Saved data entries
---+---
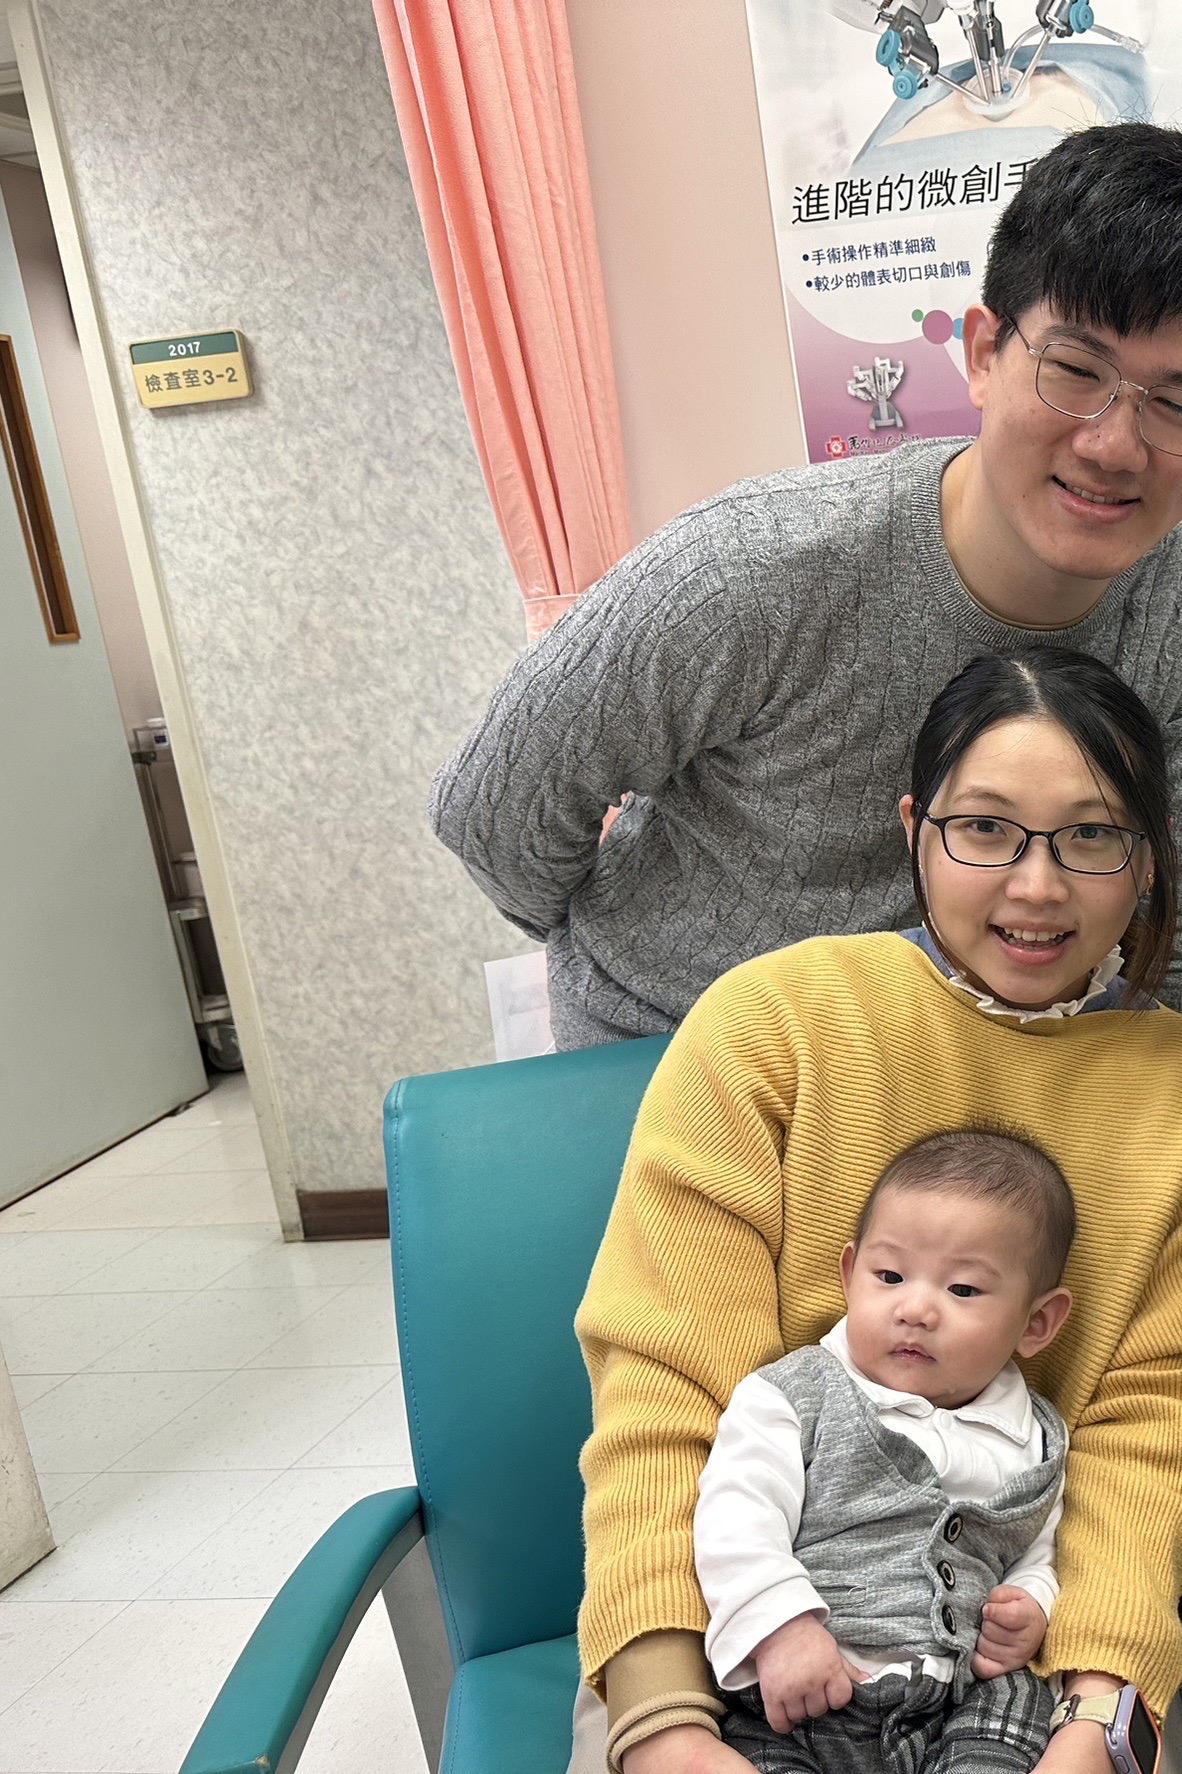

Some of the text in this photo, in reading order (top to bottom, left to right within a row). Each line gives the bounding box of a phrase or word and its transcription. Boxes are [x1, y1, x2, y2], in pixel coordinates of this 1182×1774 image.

[811, 236, 937, 266] 手術操作精準細緻
[814, 260, 971, 292] 較少的體表切口與創傷
[167, 341, 202, 357] 2017
[145, 366, 239, 394] 檢查室3-2
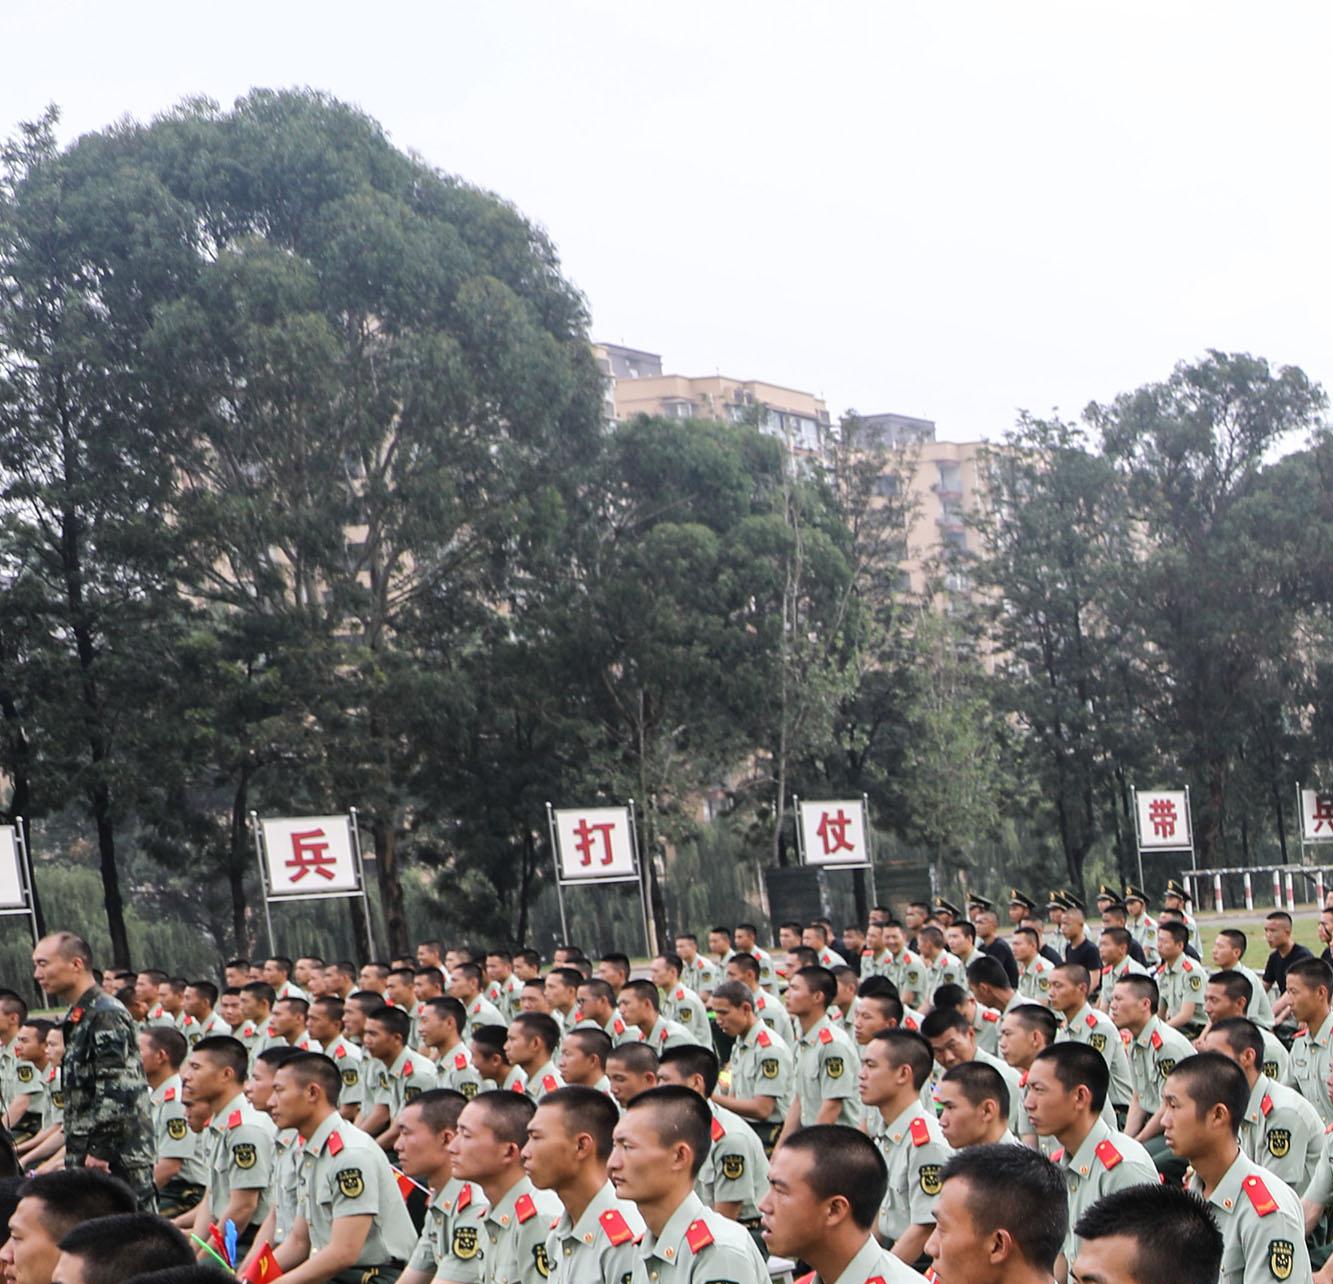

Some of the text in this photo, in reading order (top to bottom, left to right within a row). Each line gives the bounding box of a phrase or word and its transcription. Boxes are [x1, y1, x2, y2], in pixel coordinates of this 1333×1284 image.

[284, 827, 338, 883] 兵
[573, 818, 617, 867] 打
[816, 809, 855, 855] 仗
[1149, 799, 1178, 838] 带
---+---
**DESCRIPTION OF THE TASK**
Pictures omitted, give the entries again exactly.

**ANSWER TO THE PROBLEM**
Some of the text in this photo, in reading order (top to bottom, left to right within a row). Each line gives the bounding box of a phrase or word and its transcription. Boxes are [x1, y1, x2, y2], in pixel coordinates of this 1182×1774 image.

[811, 236, 937, 266] 手術操作精準細緻
[814, 260, 971, 292] 較少的體表切口與創傷
[167, 341, 202, 357] 2017
[145, 366, 239, 394] 檢查室3-2

Some of the text in this photo, in reading order (top to bottom, left to right within a row). Each line gives the bounding box of a phrase or word and its transcription. Boxes are [x1, y1, x2, y2], in pixel coordinates of this 1333×1284 image.

[284, 827, 338, 883] 兵
[573, 818, 617, 867] 打
[816, 809, 855, 855] 仗
[1149, 799, 1178, 838] 带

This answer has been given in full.